[Opening PROVIDED MATERIAL section]
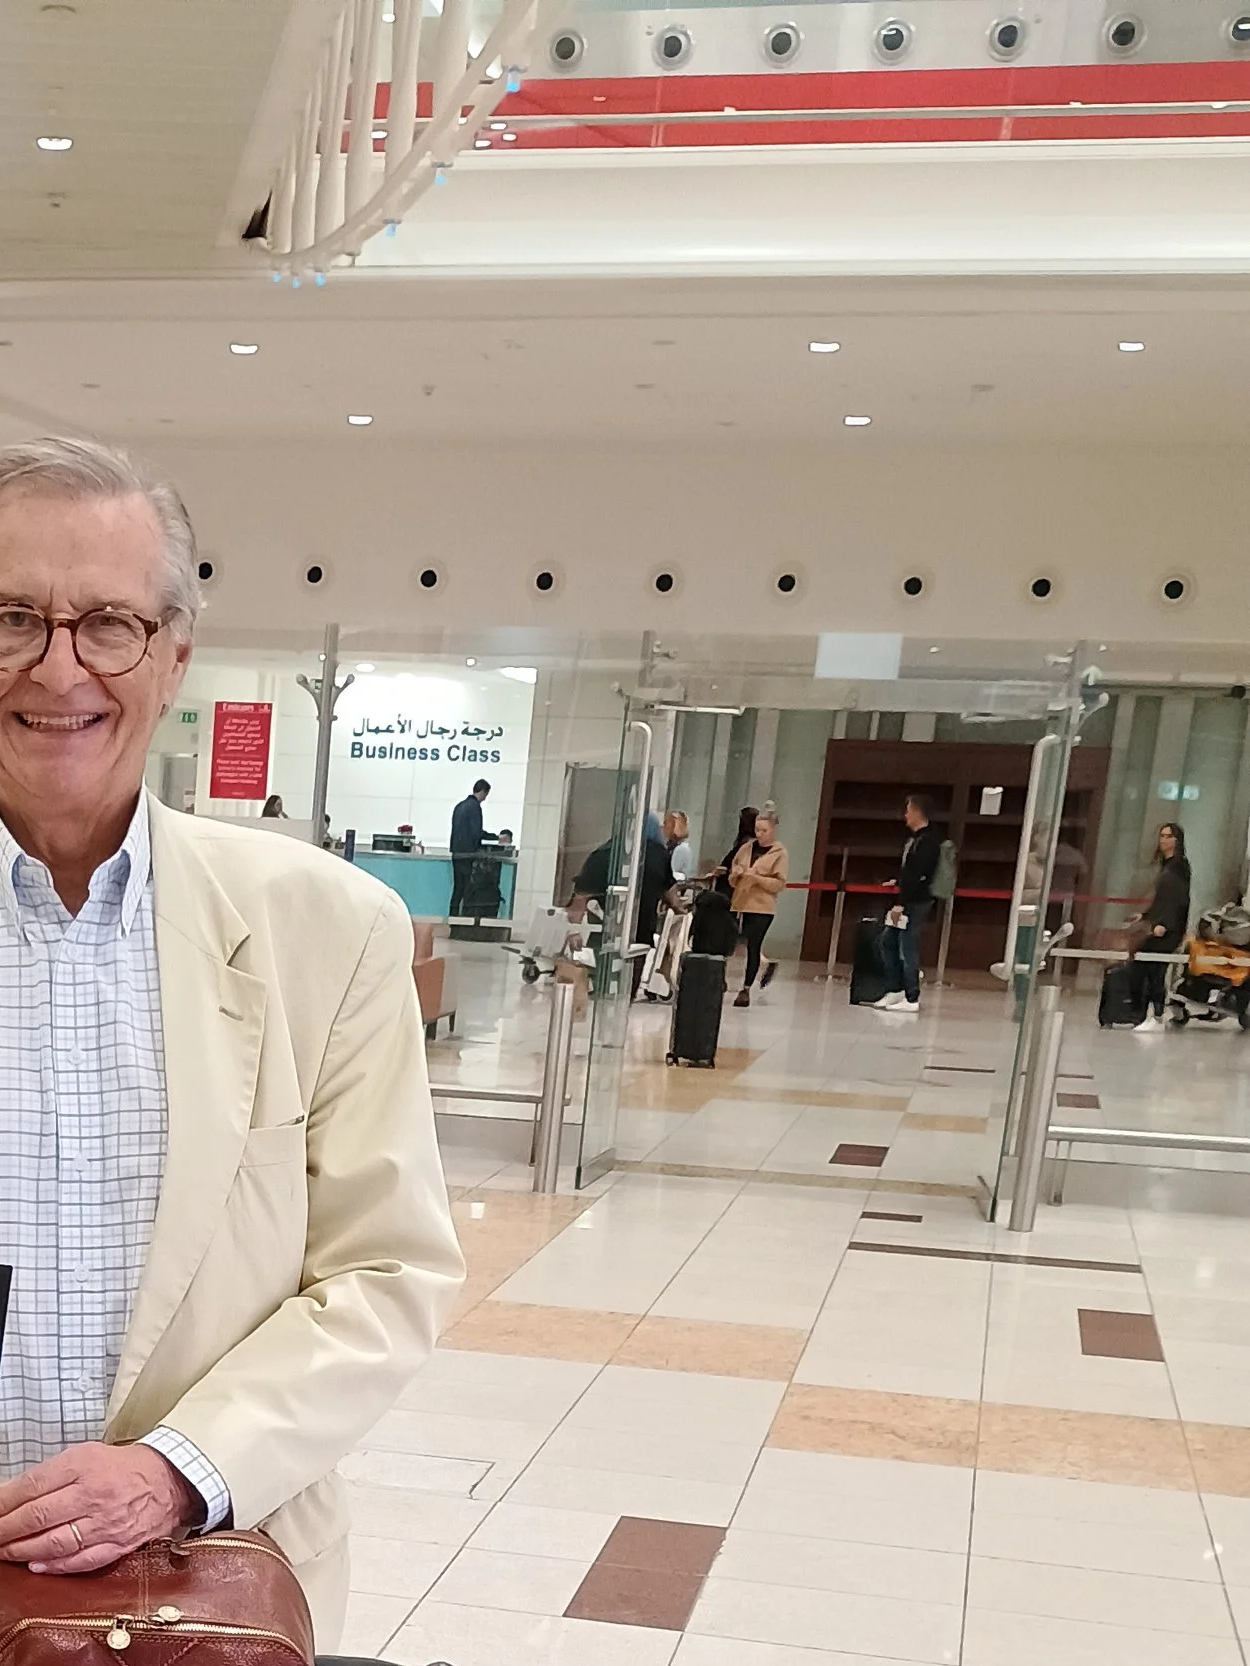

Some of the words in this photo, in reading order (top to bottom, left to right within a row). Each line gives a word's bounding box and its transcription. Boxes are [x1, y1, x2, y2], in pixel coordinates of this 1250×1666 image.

[353, 713, 412, 737] الأعمال
[416, 720, 457, 740] رجال
[461, 721, 504, 741] درجة
[350, 742, 440, 761] Business
[447, 744, 501, 763] Class
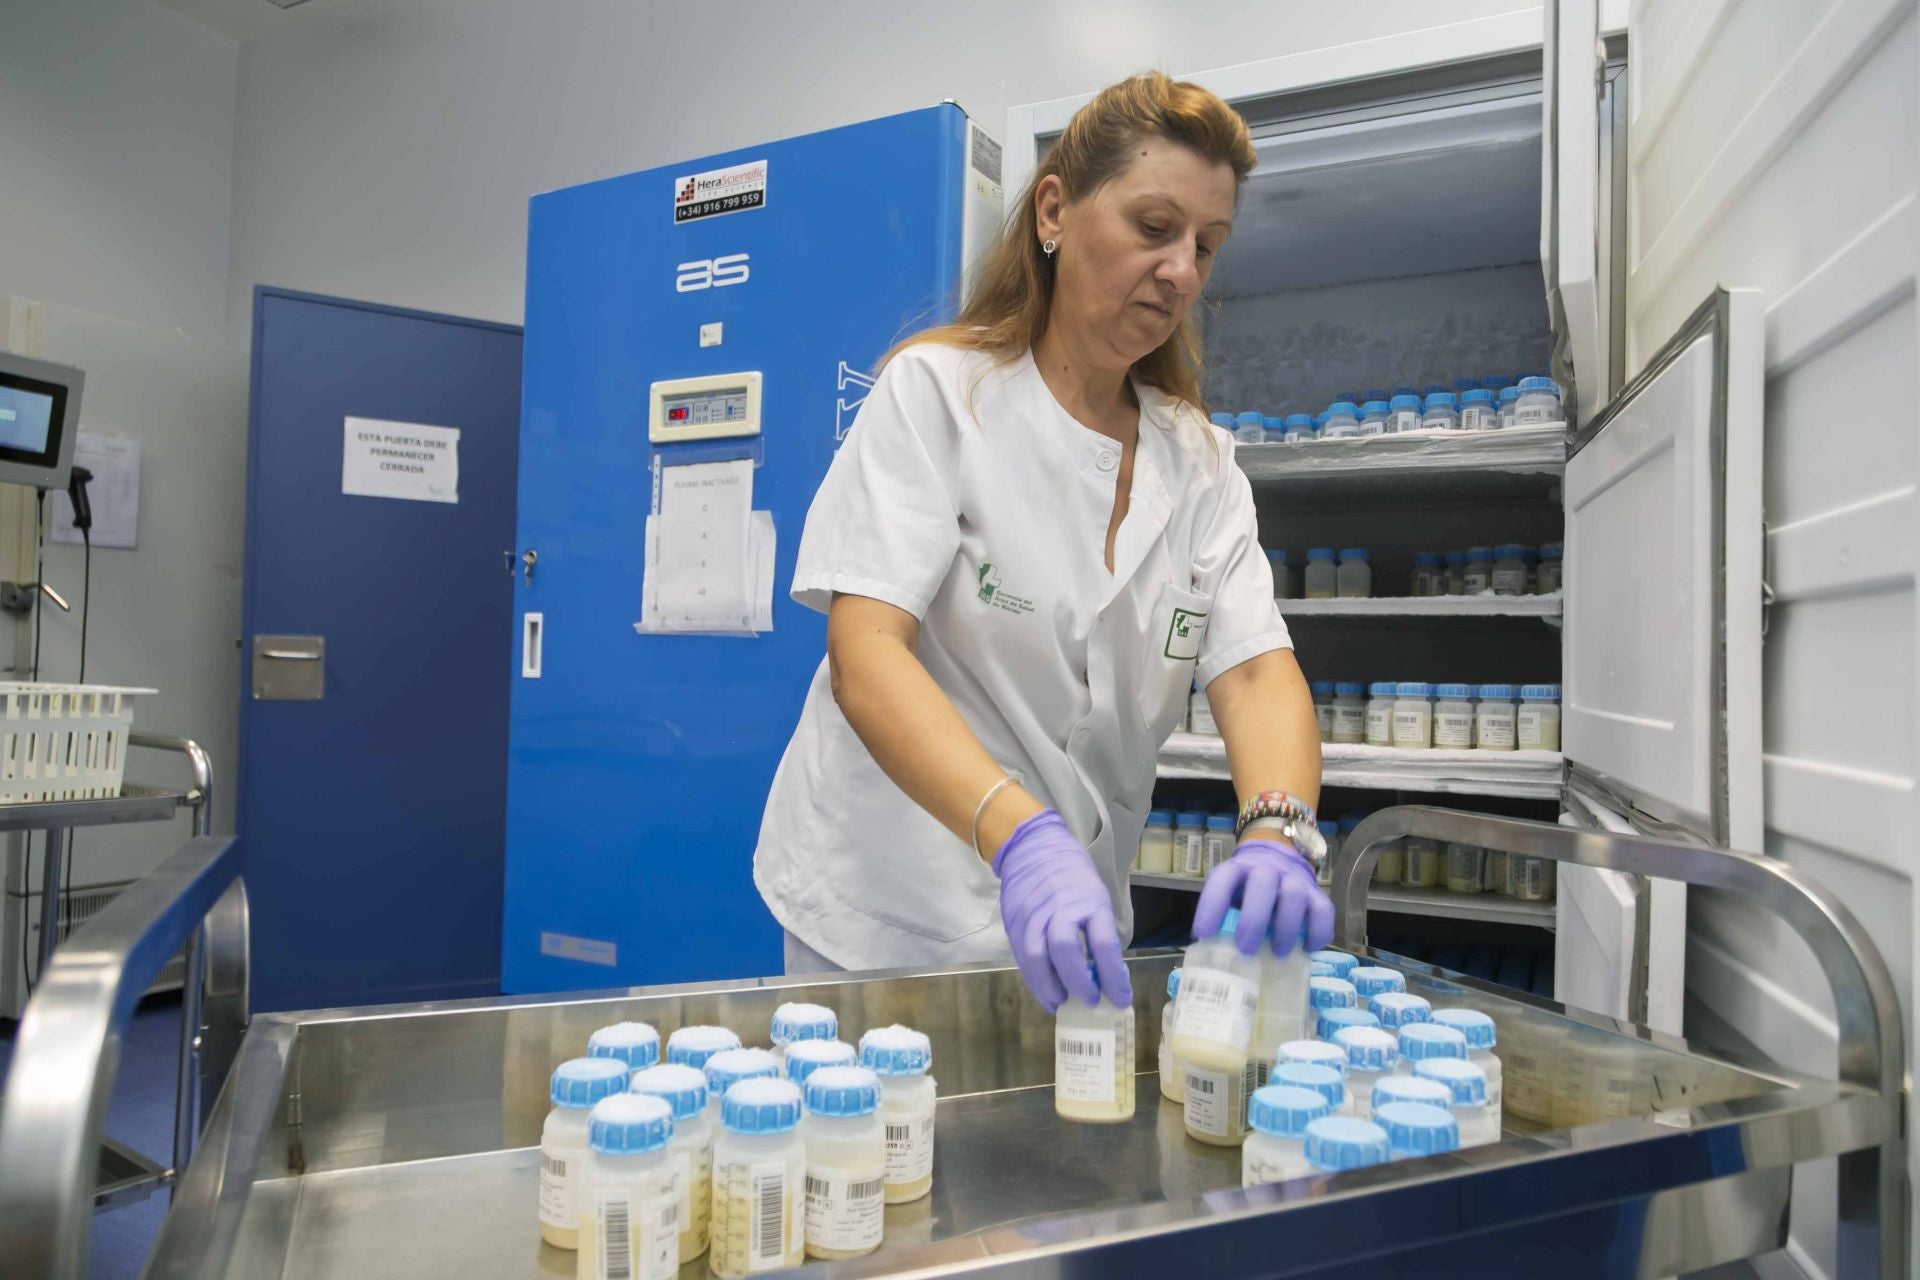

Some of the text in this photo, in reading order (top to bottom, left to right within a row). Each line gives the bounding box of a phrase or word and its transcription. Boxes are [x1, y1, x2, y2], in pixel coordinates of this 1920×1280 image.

[697, 168, 764, 190] HeraScientific
[678, 193, 759, 218] (+34) 916 799 959
[358, 433, 448, 450] ESTA PUERTA DEBE
[370, 448, 435, 462] PERMANECER
[379, 463, 424, 473] CERRADA
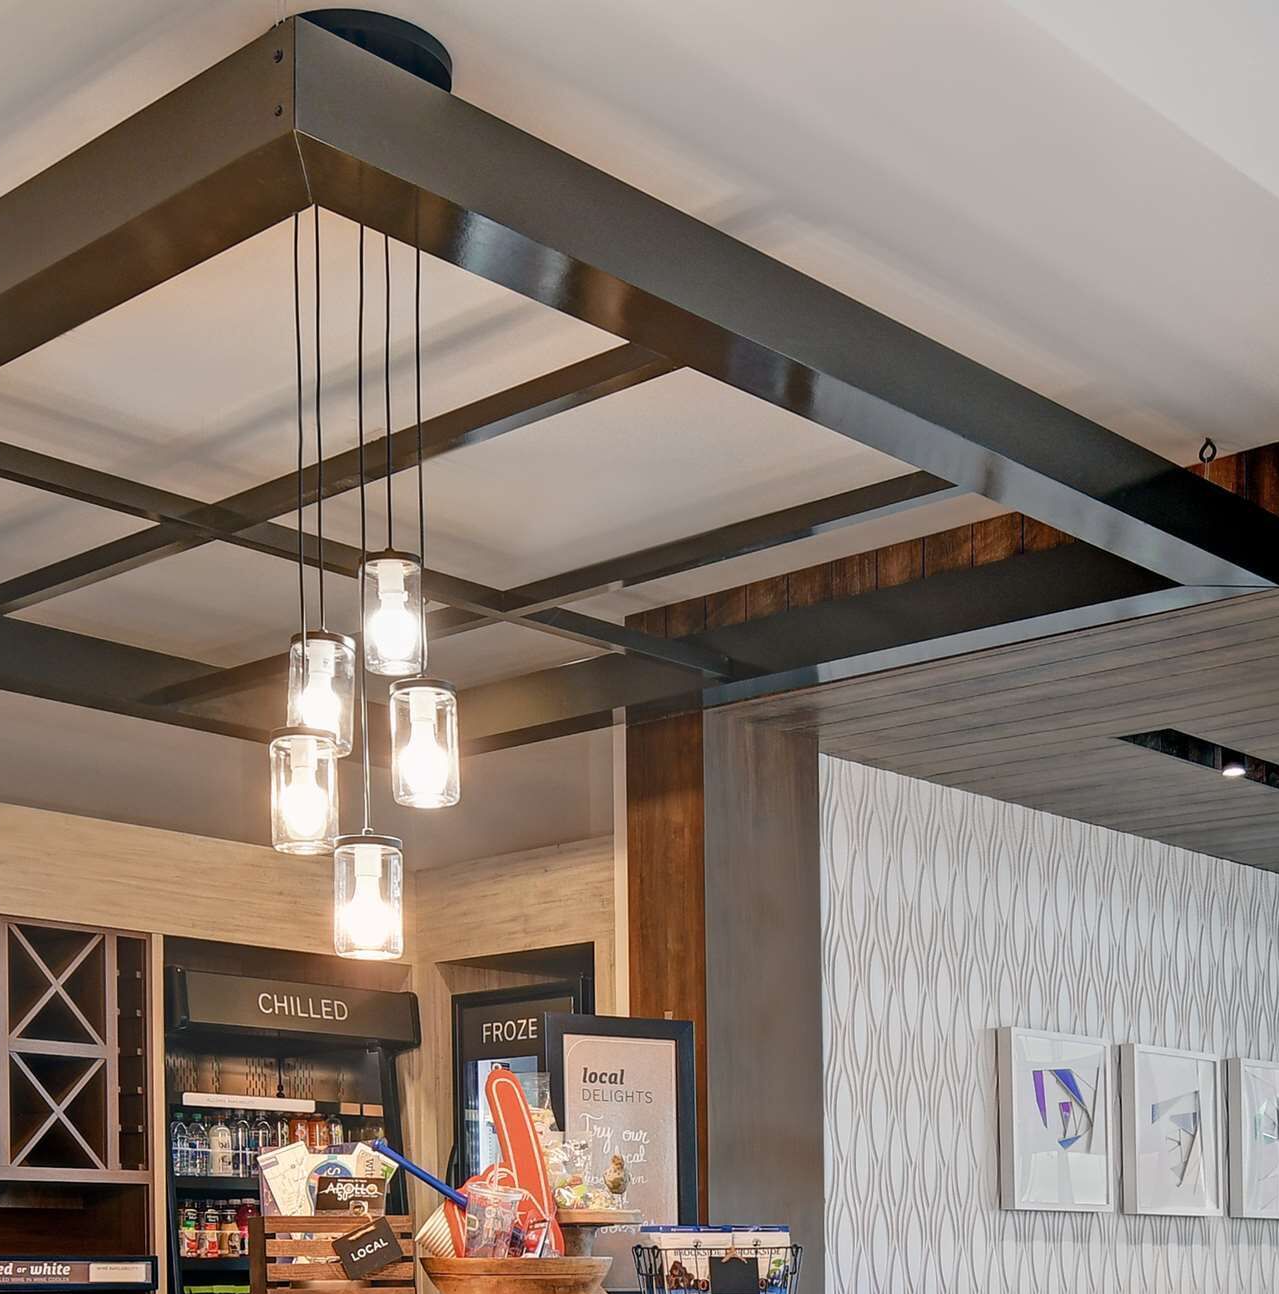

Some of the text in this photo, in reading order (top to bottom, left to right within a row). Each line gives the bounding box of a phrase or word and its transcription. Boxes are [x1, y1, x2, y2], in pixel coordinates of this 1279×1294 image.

[257, 993, 348, 1021] CHILLED
[482, 1018, 538, 1044] FROZE
[582, 1068, 624, 1085] local
[582, 1089, 653, 1104] DELIGHTS
[579, 1113, 650, 1153] Try our
[328, 1182, 378, 1195] APOLLO
[350, 1238, 389, 1262] LOCAL
[30, 1263, 71, 1275] white
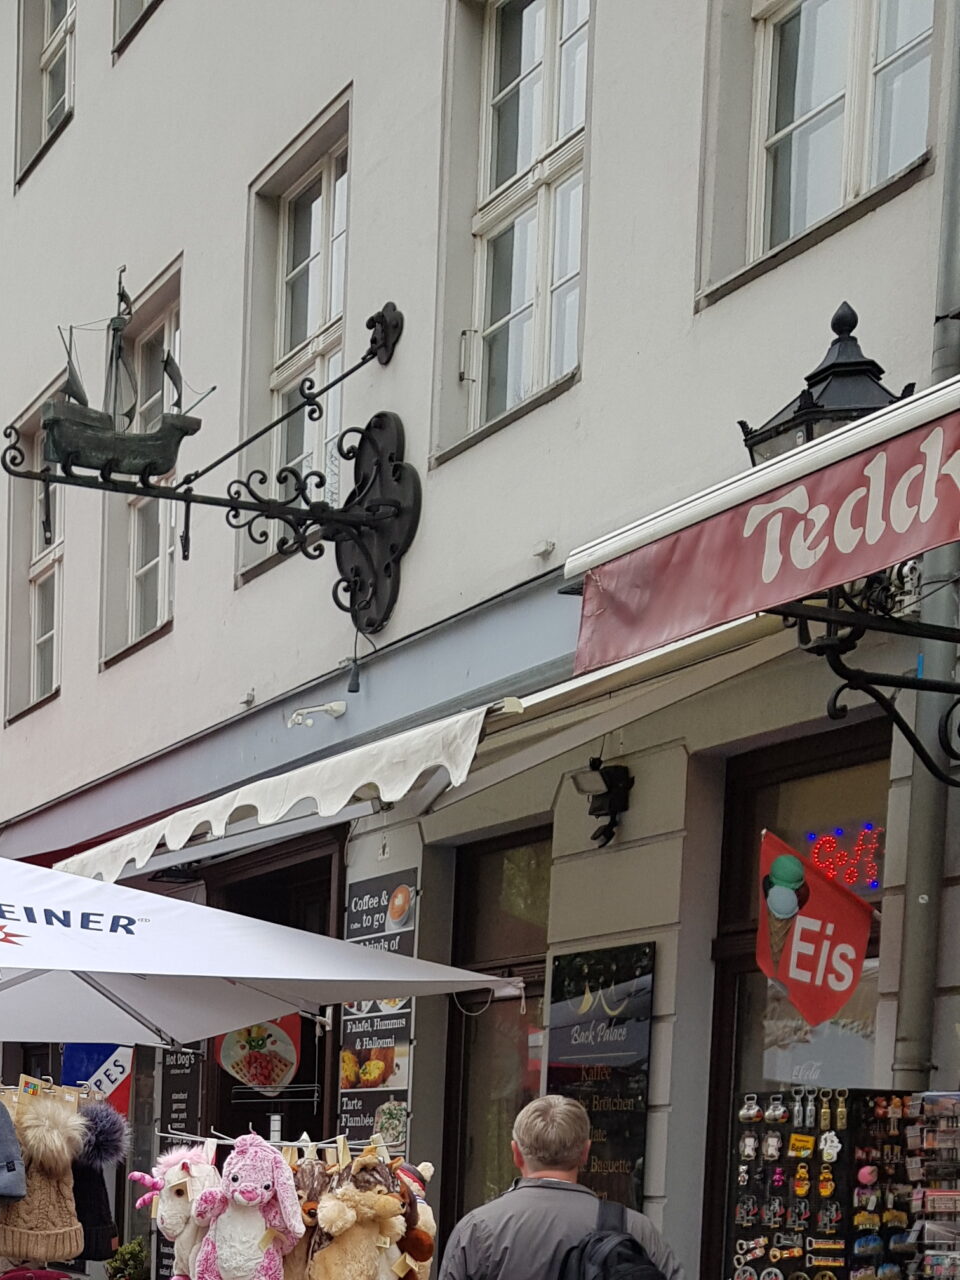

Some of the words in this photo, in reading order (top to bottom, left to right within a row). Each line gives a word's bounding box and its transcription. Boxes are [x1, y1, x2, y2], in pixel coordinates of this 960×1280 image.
[Closing PROVIDED MATERIAL section]
#### REQUIRED ACTION
Return all the records exactly, excluding images.

#### EXERCISE RESPONSE
Some of the words in this photo, in reading order (top to bottom, left to right within a row). Each line gives a word's bounding box and its transcription. Boxes are [x1, y1, x2, y2], in pixel coordinates of this 1250×1666 image.

[353, 713, 412, 737] الأعمال
[416, 720, 457, 740] رجال
[461, 721, 504, 741] درجة
[350, 742, 440, 761] Business
[447, 744, 501, 763] Class

Some of the text in this photo, in reading order (top to bottom, left to right within a row). Each line gives the bounding box of a phrase or word and its transcription. Boxes are [x1, y1, x2, y2], in pixel coordinates of this 1920×1280 image.

[697, 168, 764, 190] HeraScientific
[678, 193, 759, 218] (+34) 916 799 959
[358, 433, 448, 450] ESTA PUERTA DEBE
[370, 448, 435, 462] PERMANECER
[379, 463, 424, 473] CERRADA

Some of the text in this photo, in reading order (top to bottom, left to right within a row). Each line gives the bounding box of a phrase or word and its transcription. Boxes are [x1, y1, x2, y2], in pixel coordinates of this 1279×1294 image.

[257, 993, 348, 1021] CHILLED
[482, 1018, 538, 1044] FROZE
[582, 1068, 624, 1085] local
[582, 1089, 653, 1104] DELIGHTS
[579, 1113, 650, 1153] Try our
[328, 1182, 378, 1195] APOLLO
[350, 1238, 389, 1262] LOCAL
[30, 1263, 71, 1275] white

Some of the words in this photo, in reading order (top to bottom, left to right within a row). Each line gives a word's bounding box and its transcription. Boxes are [x1, y1, x2, y2], in pixel coordinates of this 960×1280 image.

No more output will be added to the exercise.